What to do after wrestling with a serpent – Part 1

Water flooded the compartment and his body was crushed within a second.  Eric knew this much was true, but not because he saw it or even really experienced it.  The whole mess was over within a second and then he descended down into the depths of the Pacific ocean within the compressed hulk that was once his personal submersible.  There was definitely a sharp pain in the whole process, but he couldn’t remember more than a sharp pain and then nothing.  He wasn’t sure if this was because he died so quickly or because his mind was choosing not to remember the details of his last moment.  Perhaps it wouldn’t matter so much on the next go around, but he hadn’t remembered much about the feeling of the first either and it had always surprised him throughout his second life.
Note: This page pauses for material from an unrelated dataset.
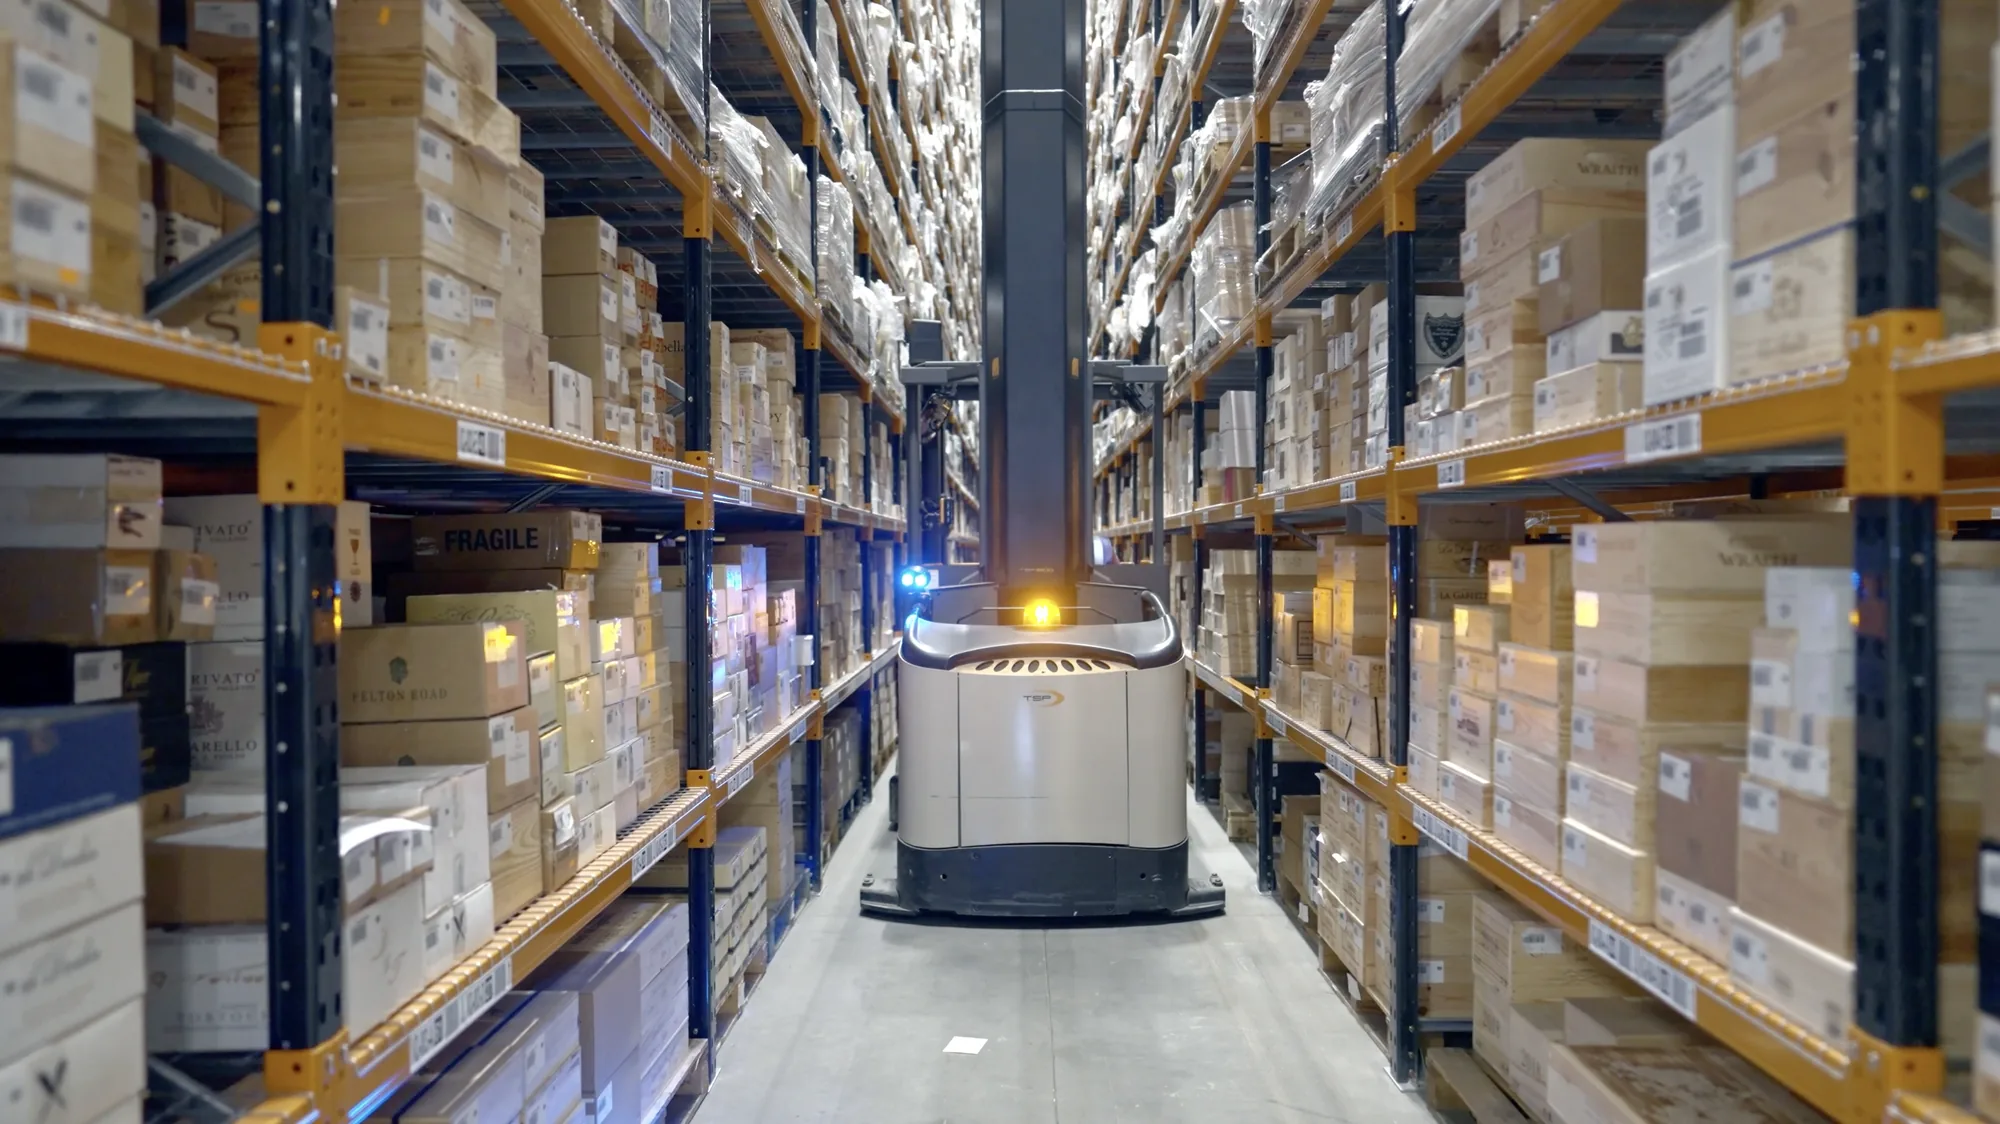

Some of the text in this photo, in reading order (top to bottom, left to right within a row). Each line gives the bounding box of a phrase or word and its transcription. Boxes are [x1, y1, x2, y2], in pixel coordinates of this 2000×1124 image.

“This is your last time, you do know that, right?” the elderly clerk sternly addressed Eric as he awoke in his rebirth chamber.

Eric was not a fan of these clerks – decrepit, old souls to scared to burn their second life for fear that some freak accident would cut it short and force them to use their third and final life without having had full use of their second.  In Eric’s mind these people weren’t living anyway, so he couldn’t understand why they were so desperate to cling on to every centimetre of additional time.  They just walked around reminding others that their time was short.  After all, they would continually and irritatingly state, “You only get to be reborn at the age of 20 twice and then who knows what happens.”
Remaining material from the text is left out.